### Activity
Reproduce the records precisely. Every line should be included.

[Extracted data entries]
________________________________________

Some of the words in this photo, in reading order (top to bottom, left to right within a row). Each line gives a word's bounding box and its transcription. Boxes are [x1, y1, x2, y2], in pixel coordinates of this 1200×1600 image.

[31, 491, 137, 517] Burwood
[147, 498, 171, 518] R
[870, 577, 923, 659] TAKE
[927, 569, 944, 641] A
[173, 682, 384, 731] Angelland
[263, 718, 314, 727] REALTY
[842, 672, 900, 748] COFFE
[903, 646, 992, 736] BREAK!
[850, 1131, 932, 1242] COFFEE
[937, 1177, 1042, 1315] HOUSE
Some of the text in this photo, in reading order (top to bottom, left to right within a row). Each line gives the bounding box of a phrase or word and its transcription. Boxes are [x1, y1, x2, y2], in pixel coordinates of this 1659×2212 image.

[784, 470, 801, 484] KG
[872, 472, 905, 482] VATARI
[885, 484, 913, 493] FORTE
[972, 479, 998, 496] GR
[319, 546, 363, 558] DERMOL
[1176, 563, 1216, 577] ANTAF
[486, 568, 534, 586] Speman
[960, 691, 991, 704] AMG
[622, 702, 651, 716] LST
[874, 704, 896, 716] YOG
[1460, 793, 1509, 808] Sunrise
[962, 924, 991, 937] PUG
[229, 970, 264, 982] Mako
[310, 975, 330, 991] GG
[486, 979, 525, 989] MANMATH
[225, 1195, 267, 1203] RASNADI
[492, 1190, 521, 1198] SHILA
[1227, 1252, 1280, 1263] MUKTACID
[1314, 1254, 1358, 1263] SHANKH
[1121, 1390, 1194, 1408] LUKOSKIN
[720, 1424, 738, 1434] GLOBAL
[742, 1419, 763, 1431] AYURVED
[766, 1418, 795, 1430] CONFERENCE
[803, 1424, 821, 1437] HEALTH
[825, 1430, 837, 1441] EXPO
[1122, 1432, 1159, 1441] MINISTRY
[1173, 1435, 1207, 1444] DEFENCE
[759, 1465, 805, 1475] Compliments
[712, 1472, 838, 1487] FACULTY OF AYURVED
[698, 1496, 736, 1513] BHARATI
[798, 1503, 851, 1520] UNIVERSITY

________________________________________

### Solved exercise
Some of the words in this photo, in reading order (top to bottom, left to right within a row). Each line gives a word's bounding box and its transcription. Boxes are [x1, y1, x2, y2], in pixel coordinates of this 1200×1600 image.

[31, 491, 137, 517] Burwood
[147, 498, 171, 518] R
[870, 577, 923, 659] TAKE
[927, 569, 944, 641] A
[173, 682, 384, 731] Angelland
[263, 718, 314, 727] REALTY
[842, 672, 900, 748] COFFE
[903, 646, 992, 736] BREAK!
[850, 1131, 932, 1242] COFFEE
[937, 1177, 1042, 1315] HOUSE
Some of the text in this photo, in reading order (top to bottom, left to right within a row). Each line gives the bounding box of a phrase or word and its transcription. Boxes are [x1, y1, x2, y2], in pixel coordinates of this 1659×2212 image.

[784, 470, 801, 484] KG
[872, 472, 905, 482] VATARI
[885, 484, 913, 493] FORTE
[972, 479, 998, 496] GR
[319, 546, 363, 558] DERMOL
[1176, 563, 1216, 577] ANTAF
[486, 568, 534, 586] Speman
[960, 691, 991, 704] AMG
[622, 702, 651, 716] LST
[874, 704, 896, 716] YOG
[1460, 793, 1509, 808] Sunrise
[962, 924, 991, 937] PUG
[229, 970, 264, 982] Mako
[310, 975, 330, 991] GG
[486, 979, 525, 989] MANMATH
[225, 1195, 267, 1203] RASNADI
[492, 1190, 521, 1198] SHILA
[1227, 1252, 1280, 1263] MUKTACID
[1314, 1254, 1358, 1263] SHANKH
[1121, 1390, 1194, 1408] LUKOSKIN
[720, 1424, 738, 1434] GLOBAL
[742, 1419, 763, 1431] AYURVED
[766, 1418, 795, 1430] CONFERENCE
[803, 1424, 821, 1437] HEALTH
[825, 1430, 837, 1441] EXPO
[1122, 1432, 1159, 1441] MINISTRY
[1173, 1435, 1207, 1444] DEFENCE
[759, 1465, 805, 1475] Compliments
[712, 1472, 838, 1487] FACULTY OF AYURVED
[698, 1496, 736, 1513] BHARATI
[798, 1503, 851, 1520] UNIVERSITY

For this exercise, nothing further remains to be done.